** Data for review follows **
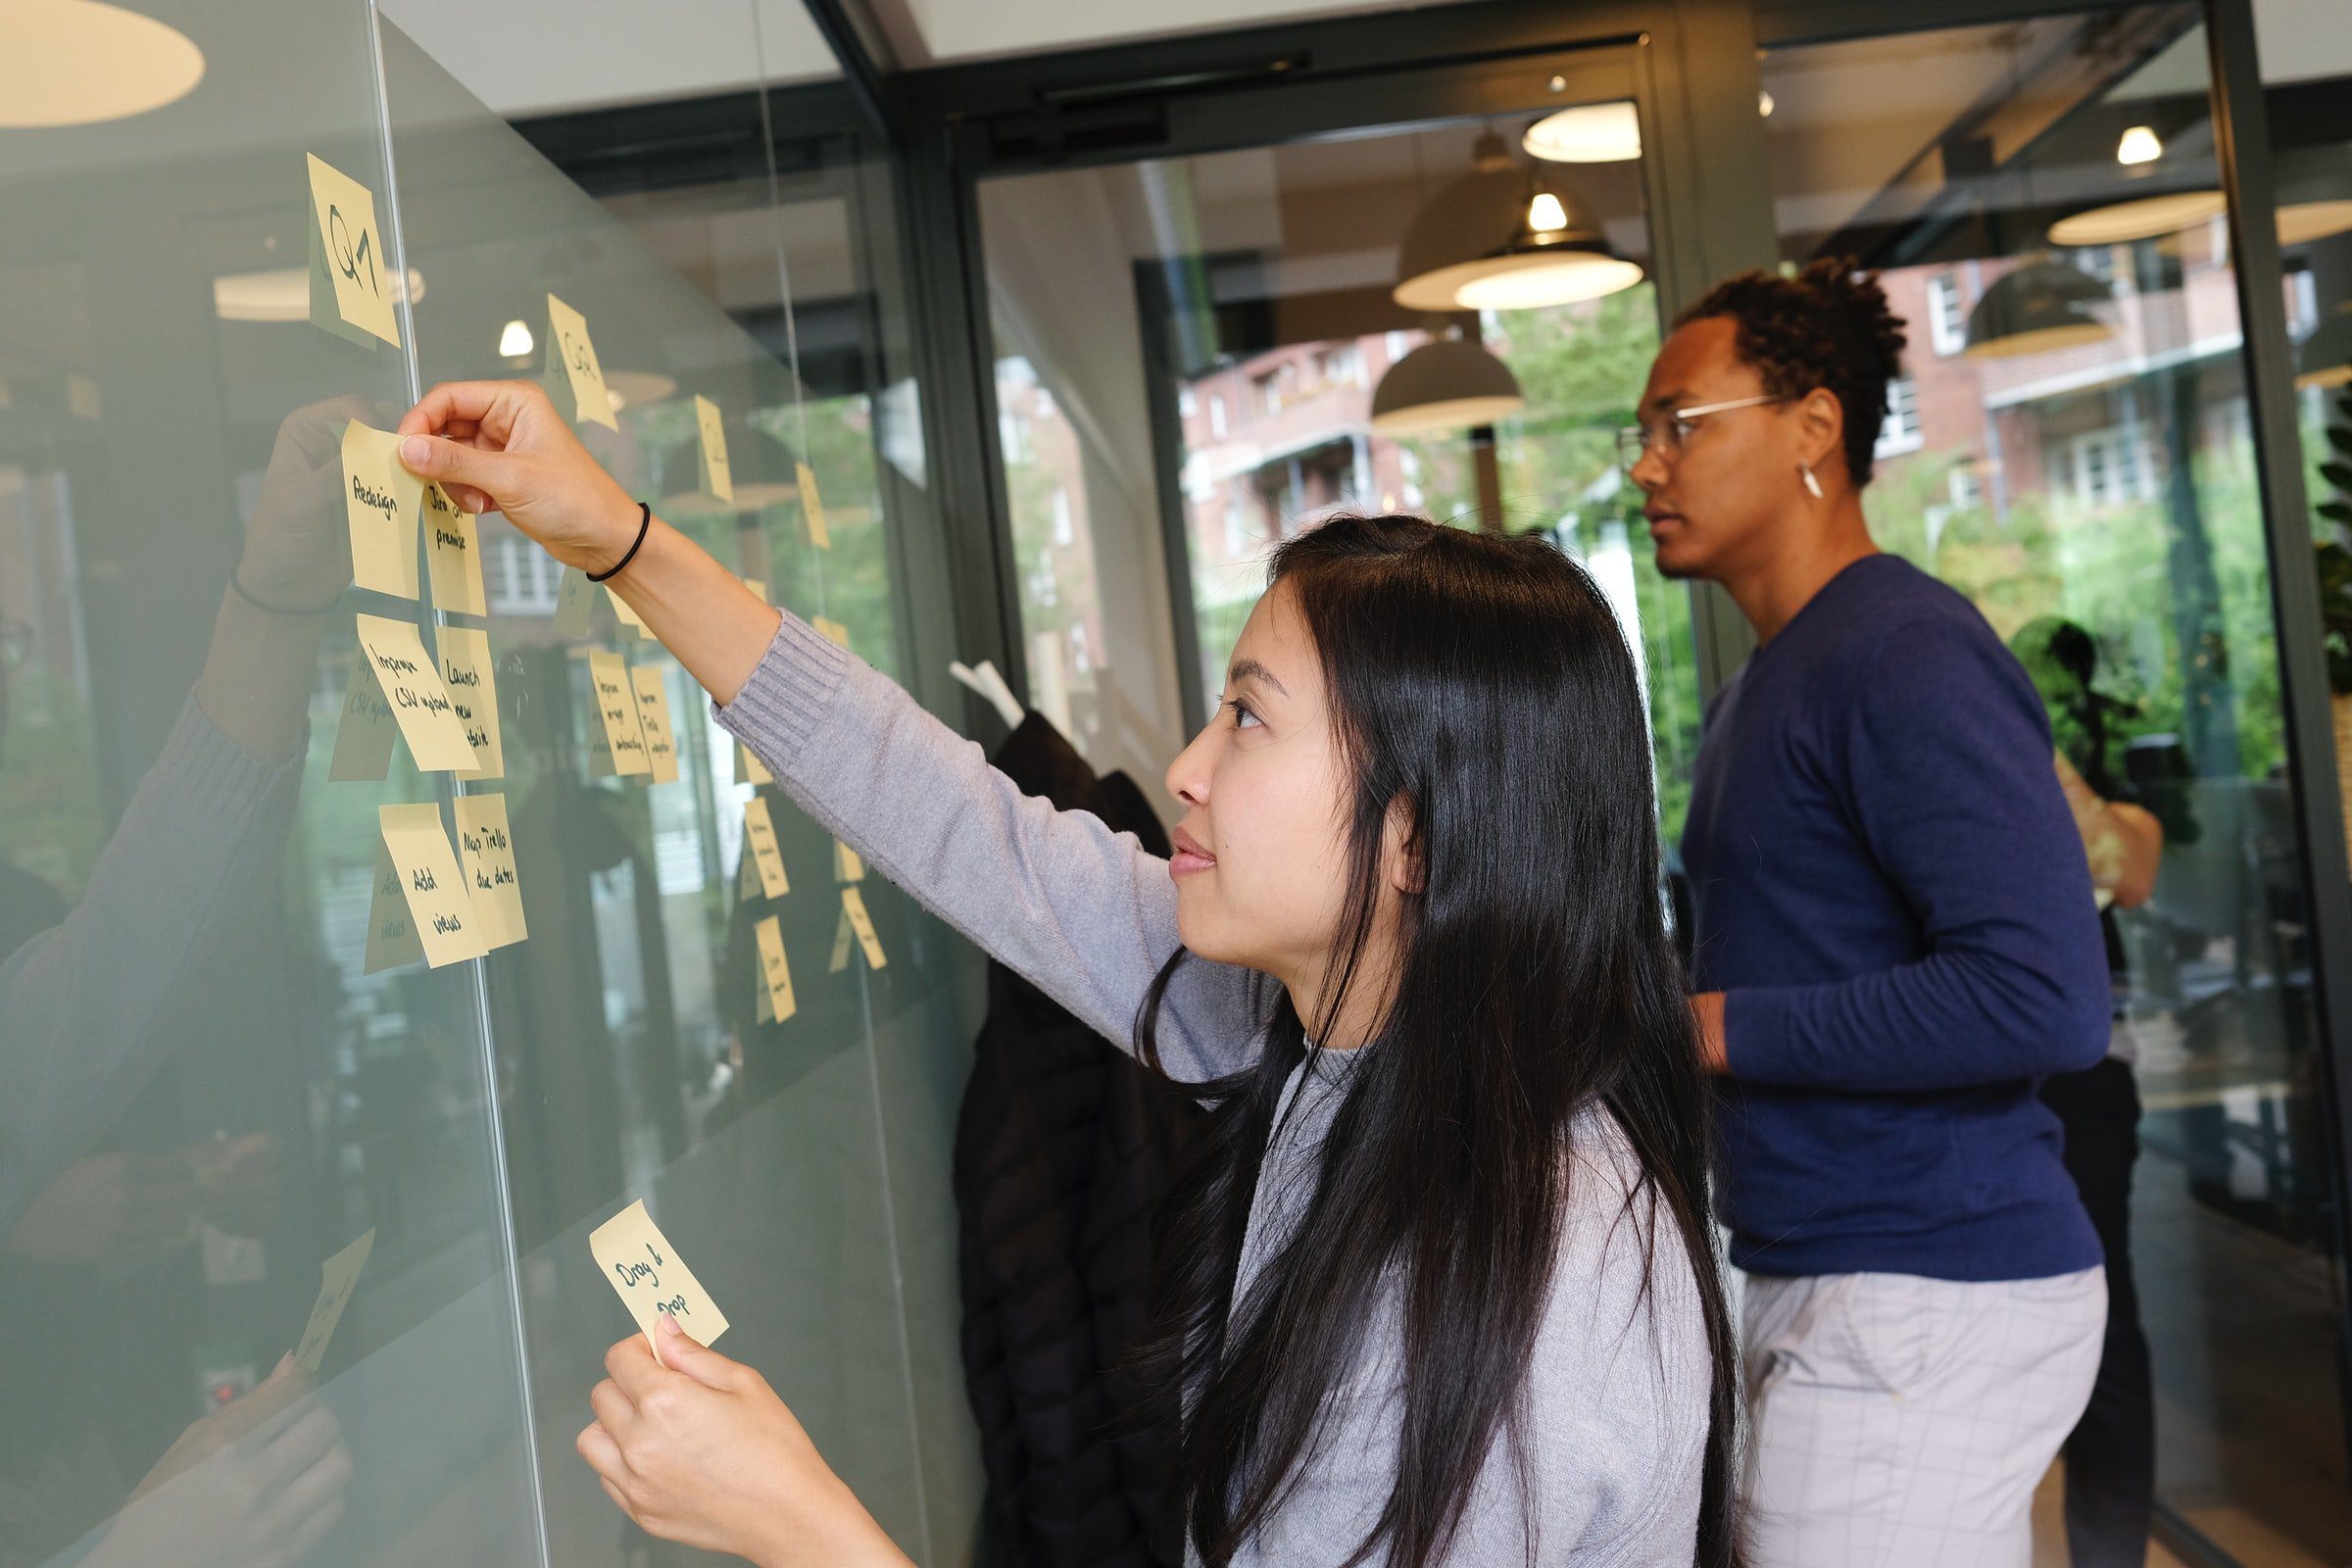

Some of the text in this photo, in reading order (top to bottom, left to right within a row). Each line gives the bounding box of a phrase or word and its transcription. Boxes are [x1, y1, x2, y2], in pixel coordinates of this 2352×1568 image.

[329, 204, 380, 300] Q1
[353, 474, 397, 521] Redesign
[368, 643, 418, 679] Improve
[446, 659, 481, 688] Launch
[394, 687, 418, 709] CSV
[455, 705, 472, 720] new
[466, 725, 489, 749] bsite
[480, 827, 507, 852] Trello
[413, 866, 438, 892] Add
[433, 912, 462, 935] views
[615, 1263, 660, 1288] Drag
** End of Data for review **
Description of the task:
Reproduce all of the records above exactly, but exclude the pictures.

Response box:
Some of the text in this photo, in reading order (top to bottom, left to right within a row). Each line gives the bounding box of a phrase or word and its transcription. Boxes are [x1, y1, x2, y2], in pixel coordinates of this 2352×1568 image.

[329, 204, 380, 300] Q1
[353, 474, 397, 521] Redesign
[368, 643, 418, 679] Improve
[446, 659, 481, 688] Launch
[394, 687, 418, 709] CSV
[455, 705, 472, 720] new
[466, 725, 489, 749] bsite
[480, 827, 507, 852] Trello
[413, 866, 438, 892] Add
[433, 912, 462, 935] views
[615, 1263, 660, 1288] Drag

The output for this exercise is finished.